■ Aim of the exercise:
The entries are to be duplicated exactly, though any picture in them must be omitted.

■ Supplied material:
===

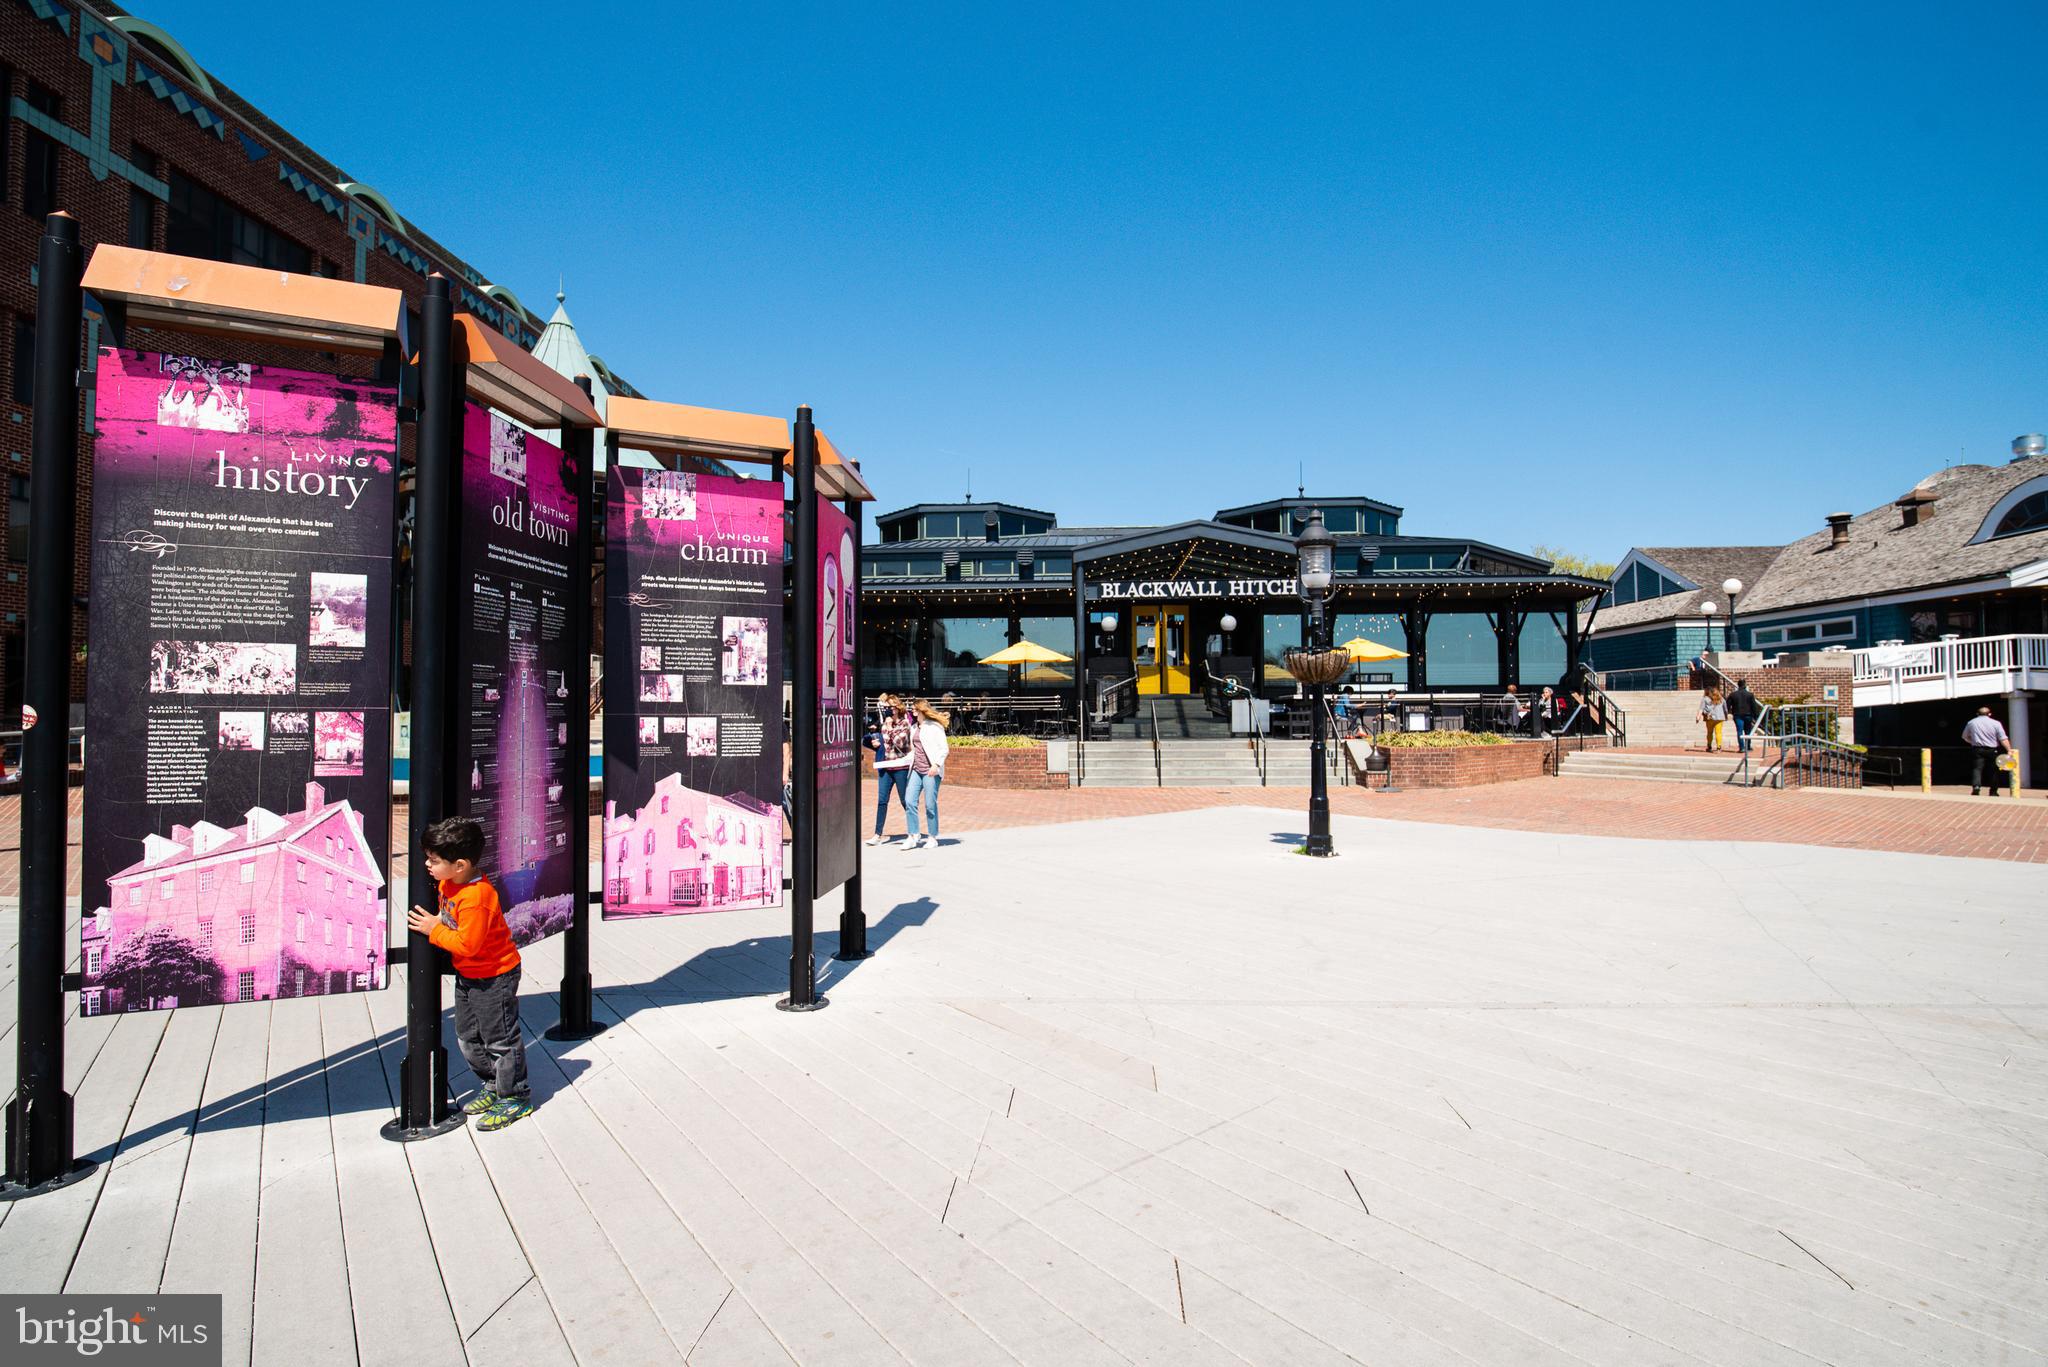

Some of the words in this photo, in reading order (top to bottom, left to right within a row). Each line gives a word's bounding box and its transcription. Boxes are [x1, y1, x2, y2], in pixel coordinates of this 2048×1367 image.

[291, 451, 368, 467] LIVING
[214, 450, 369, 510] history
[154, 509, 189, 518] Discover
[206, 513, 227, 521] spirit
[239, 514, 280, 524] Alexandria
[533, 501, 570, 522] VISITING
[154, 520, 184, 529] making
[186, 521, 214, 531] history
[285, 528, 319, 536] centuries
[493, 496, 523, 532] old
[529, 511, 568, 547] town
[717, 533, 769, 543] UNIQUE
[681, 535, 768, 565] charm
[474, 574, 490, 582] PLAN
[1101, 581, 1221, 598] BLACKWALL
[1229, 580, 1297, 596] HITCH
[839, 675, 853, 710] old
[822, 704, 854, 744] town
[822, 750, 853, 760] ALEXANDRIA

===

■ Output:
Some of the words in this photo, in reading order (top to bottom, left to right within a row). Each line gives a word's bounding box and its transcription. Boxes are [x1, y1, x2, y2], in pixel coordinates of this 2048×1367 image.

[291, 451, 368, 467] LIVING
[214, 450, 369, 510] history
[154, 509, 189, 518] Discover
[206, 513, 227, 521] spirit
[239, 514, 280, 524] Alexandria
[533, 501, 570, 522] VISITING
[154, 520, 184, 529] making
[186, 521, 214, 531] history
[285, 528, 319, 536] centuries
[493, 496, 523, 532] old
[529, 511, 568, 547] town
[717, 533, 769, 543] UNIQUE
[681, 535, 768, 565] charm
[474, 574, 490, 582] PLAN
[1101, 581, 1221, 598] BLACKWALL
[1229, 580, 1297, 596] HITCH
[839, 675, 853, 710] old
[822, 704, 854, 744] town
[822, 750, 853, 760] ALEXANDRIA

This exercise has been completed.